Obesity reduces the effectiveness of insulin, and during pregnancy a hormone is given which will make insulin less effective from the placenta.

Diabetic patients with type 2 diabetes obesity sholud get normal weight.  Some people dramatically improve blood glucose as it loses insulin resistance.

The problem is type 1 diabetic patients. There are cases where obese subjects develop type 1 diabetes, but in principle type 1 people do not have insulin resistance.


What problems are likely to occur in patients with type 1 diabetes?

Type 1 diabetic patients inject insulin that can not be secreted by beta cells of their own pancreas.

“If so, patients with type 1 diabetes will not change anything from healthy people,” but they are not the same.

If heavy hypoglycemia occurs, myocardial infarction and stroke are likely to occur, in both type 1 diabetics or type 2 diabetes.

Healthy people will never cause heavy hypoglycemia, because their insulin secretion is adjusted with exquisite amounts and timings.
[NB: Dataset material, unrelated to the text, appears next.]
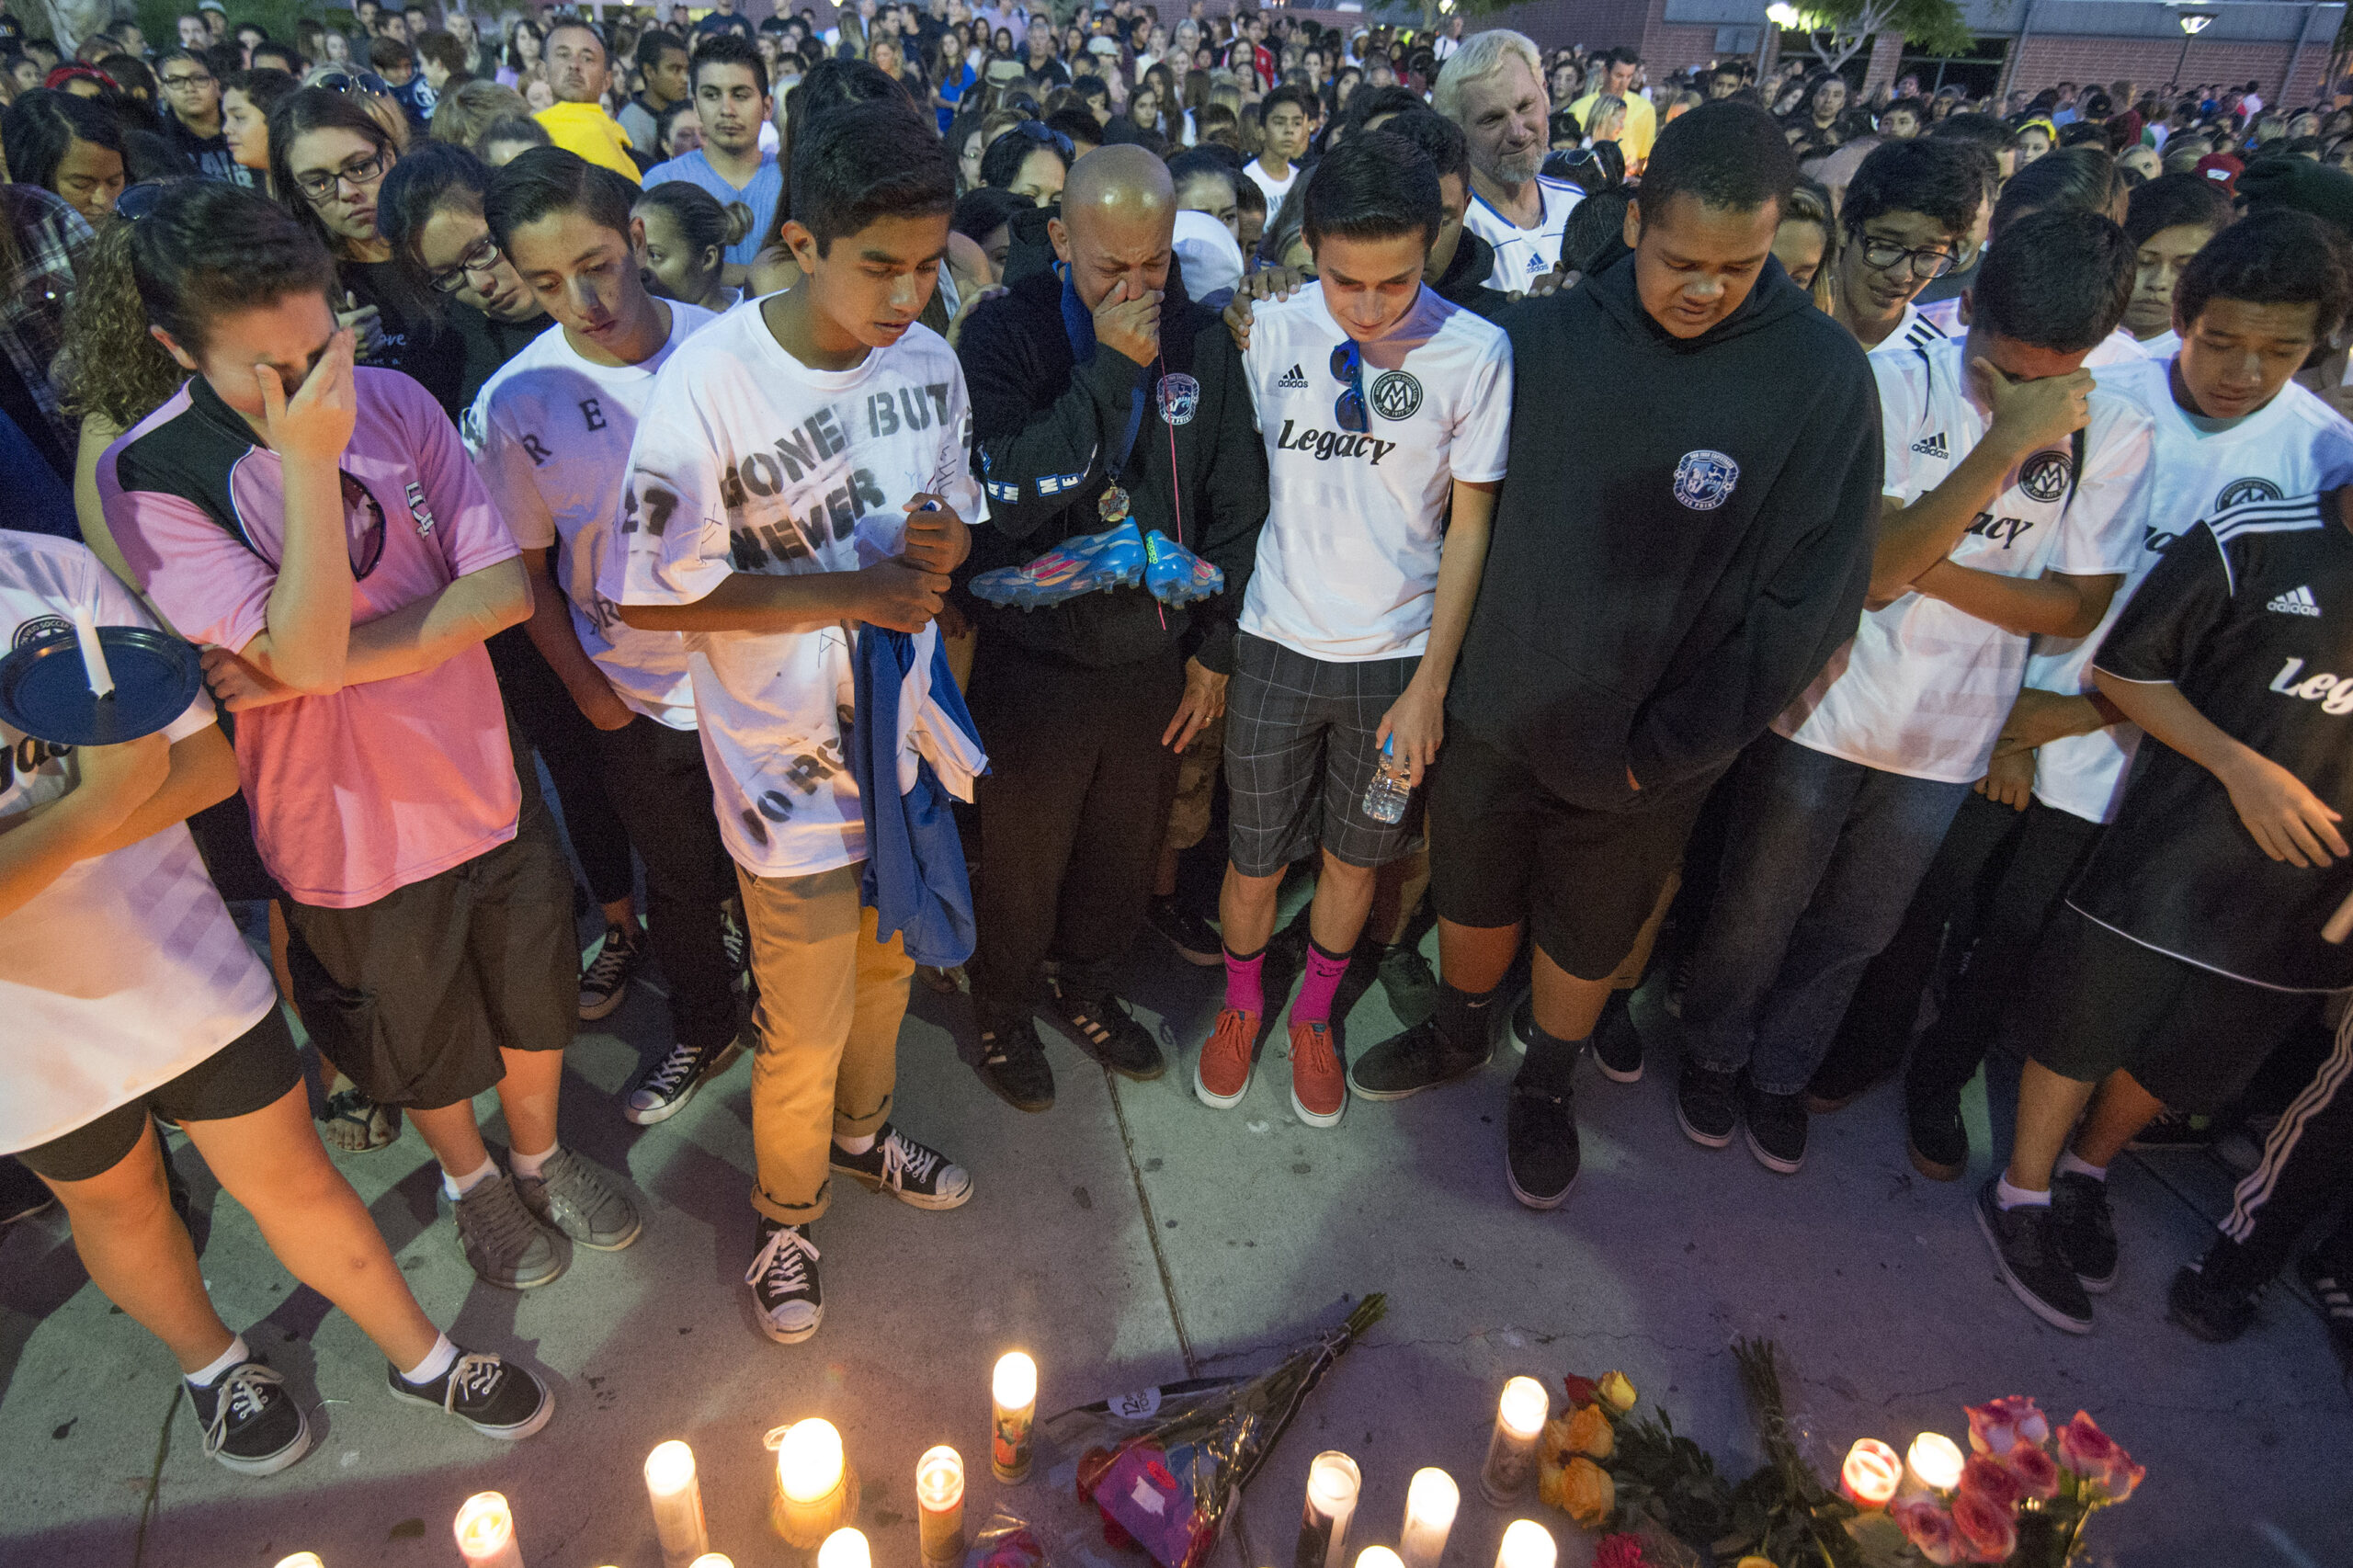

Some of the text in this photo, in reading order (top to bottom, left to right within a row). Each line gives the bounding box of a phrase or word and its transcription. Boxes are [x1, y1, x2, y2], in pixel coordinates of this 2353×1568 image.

But diabetics who are taking bolus insulin injections often cause hypoglycemia. It is incorrect that “It will not change anything from healthy people if you hit insulin”.

In Japan, I feel that people with type 1 diabetes who are on low carbohydrate diets are less than type 2.

Most type 2 diabetic patients don’t need insulin injection with a low carbohydrate diet, while insulin injections are absolutely necessary for type 1 diabetic patients to survive.

It is natural for people of type 1 diabetes to think that “We need insulin injections, so we want to eat whatever we like”.


Low carbohydrate diet reduce the risk of cardiovascular disease

For both diabetic and non-diabetic people, the more you ingest carbohydrates, the better the risk of cardiovascular disease will be.

Patients with type 1 diabetes or type 2 diabetes who is injecting bolus insulin tend to suffer hypoglycemia, which raises the risk of myocardial infarction and stroke.

Patients with mild type 2 diabetes who do not have insulin injection, especially those who are obese type and who have strong insulin resistance or eat a large amount of sugar, will develop arteriosclerosis due to hyperinsulinemia.

Dr. Richard K. Bernstein, who developed type 1 diabetes at the age of 12, is on a low carbohydrate diet. His insulin injection volume is basal 6 units plus bolus 10 units (per day), so it is difficult for hypoglycemia to occur, and He is  fine even though he is 84 years old.



For the health of children with diabetes, it is important not to cause going up and down like a roller coaster of their blood sugar as much as possible.

Children should not lose the pleasure of eating what they want to eat, but it is wrong to say ” if you use insulin injection(or medicine) you can eat whatever you want”.

Parents should think about what to do in order to protect their children’s health while consider of pleasure to eat.


It is not an unavoidable fate because it is diabetes, there are means to prevent it!

That’s right! You do not have to despair.